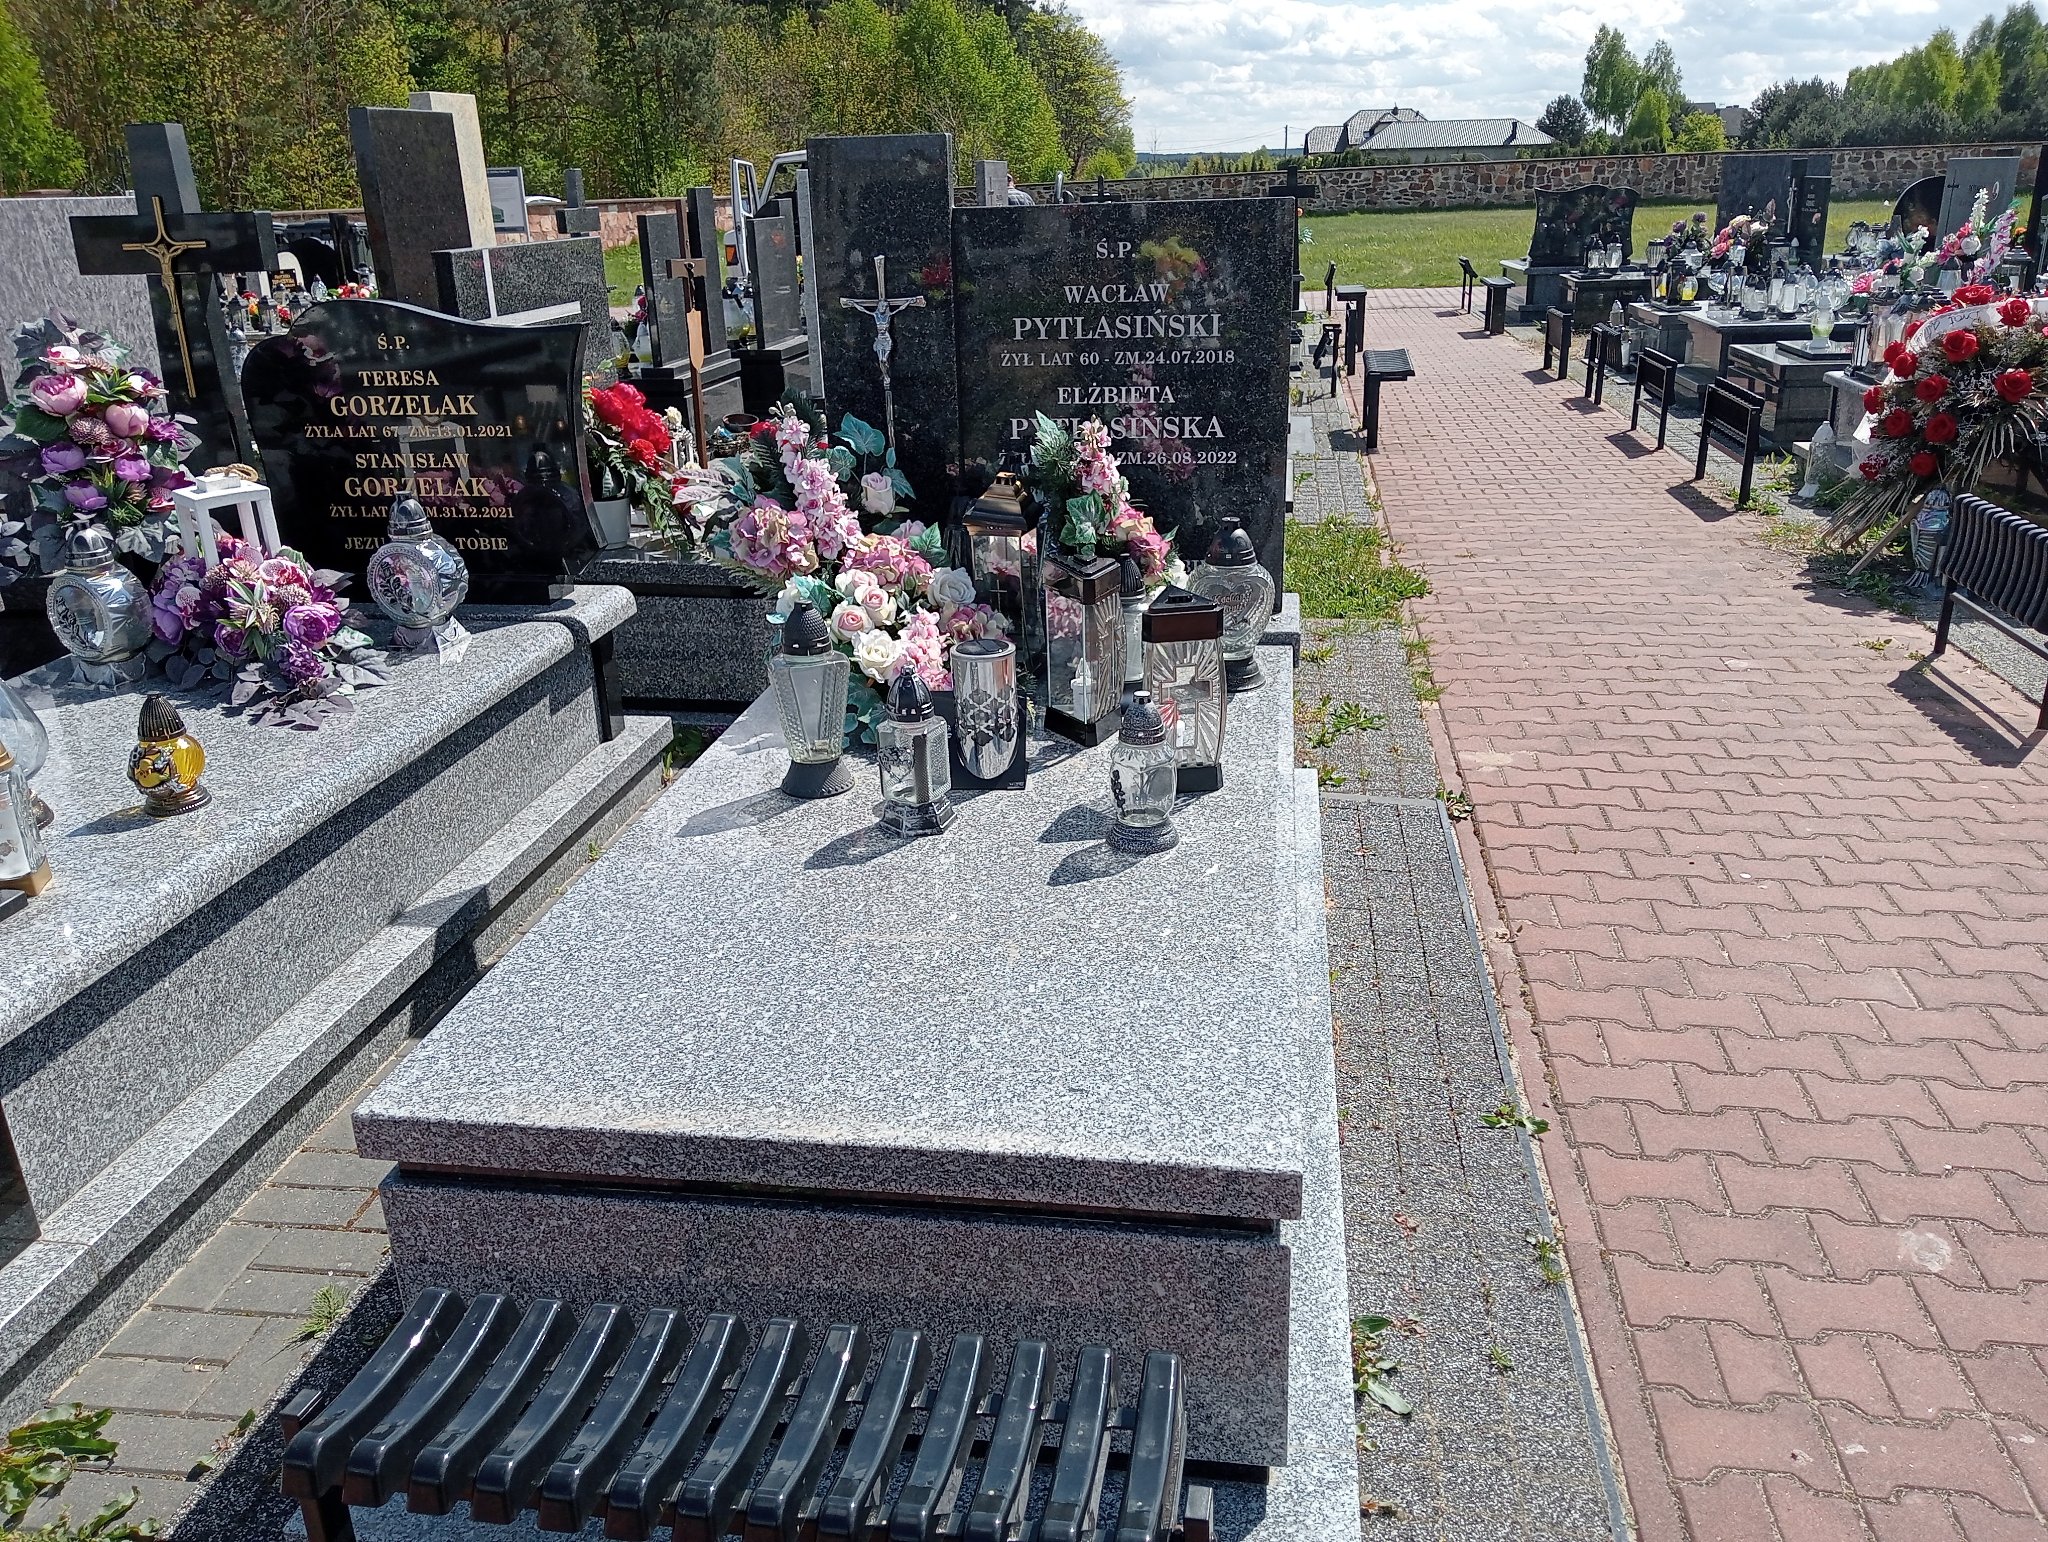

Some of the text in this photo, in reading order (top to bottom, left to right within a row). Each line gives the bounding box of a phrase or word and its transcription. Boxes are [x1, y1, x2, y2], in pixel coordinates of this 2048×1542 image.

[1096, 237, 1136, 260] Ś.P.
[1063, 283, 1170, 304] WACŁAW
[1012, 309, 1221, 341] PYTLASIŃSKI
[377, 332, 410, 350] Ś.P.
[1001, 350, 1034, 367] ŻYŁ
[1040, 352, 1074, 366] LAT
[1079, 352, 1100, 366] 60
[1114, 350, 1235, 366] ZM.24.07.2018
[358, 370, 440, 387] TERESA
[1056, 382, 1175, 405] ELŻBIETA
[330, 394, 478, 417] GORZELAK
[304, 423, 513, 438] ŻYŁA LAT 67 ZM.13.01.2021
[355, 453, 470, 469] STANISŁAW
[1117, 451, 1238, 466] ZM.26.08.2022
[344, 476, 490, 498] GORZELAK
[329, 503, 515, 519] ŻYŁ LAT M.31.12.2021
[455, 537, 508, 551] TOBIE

→ **WHAT YOU HAVE TO DO**:
Each record must appear again exactly as written above, without its pictures.

→ **RESULT OF THIS TASK**:
Some of the text in this photo, in reading order (top to bottom, left to right within a row). Each line gives the bounding box of a phrase or word and its transcription. Boxes are [x1, y1, x2, y2], in pixel coordinates of this 2048×1542 image.

[1096, 237, 1136, 260] Ś.P.
[1063, 283, 1170, 304] WACŁAW
[1012, 309, 1221, 341] PYTLASIŃSKI
[377, 332, 410, 350] Ś.P.
[1001, 350, 1034, 367] ŻYŁ
[1040, 352, 1074, 366] LAT
[1079, 352, 1100, 366] 60
[1114, 350, 1235, 366] ZM.24.07.2018
[358, 370, 440, 387] TERESA
[1056, 382, 1175, 405] ELŻBIETA
[330, 394, 478, 417] GORZELAK
[304, 423, 513, 438] ŻYŁA LAT 67 ZM.13.01.2021
[355, 453, 470, 469] STANISŁAW
[1117, 451, 1238, 466] ZM.26.08.2022
[344, 476, 490, 498] GORZELAK
[329, 503, 515, 519] ŻYŁ LAT M.31.12.2021
[455, 537, 508, 551] TOBIE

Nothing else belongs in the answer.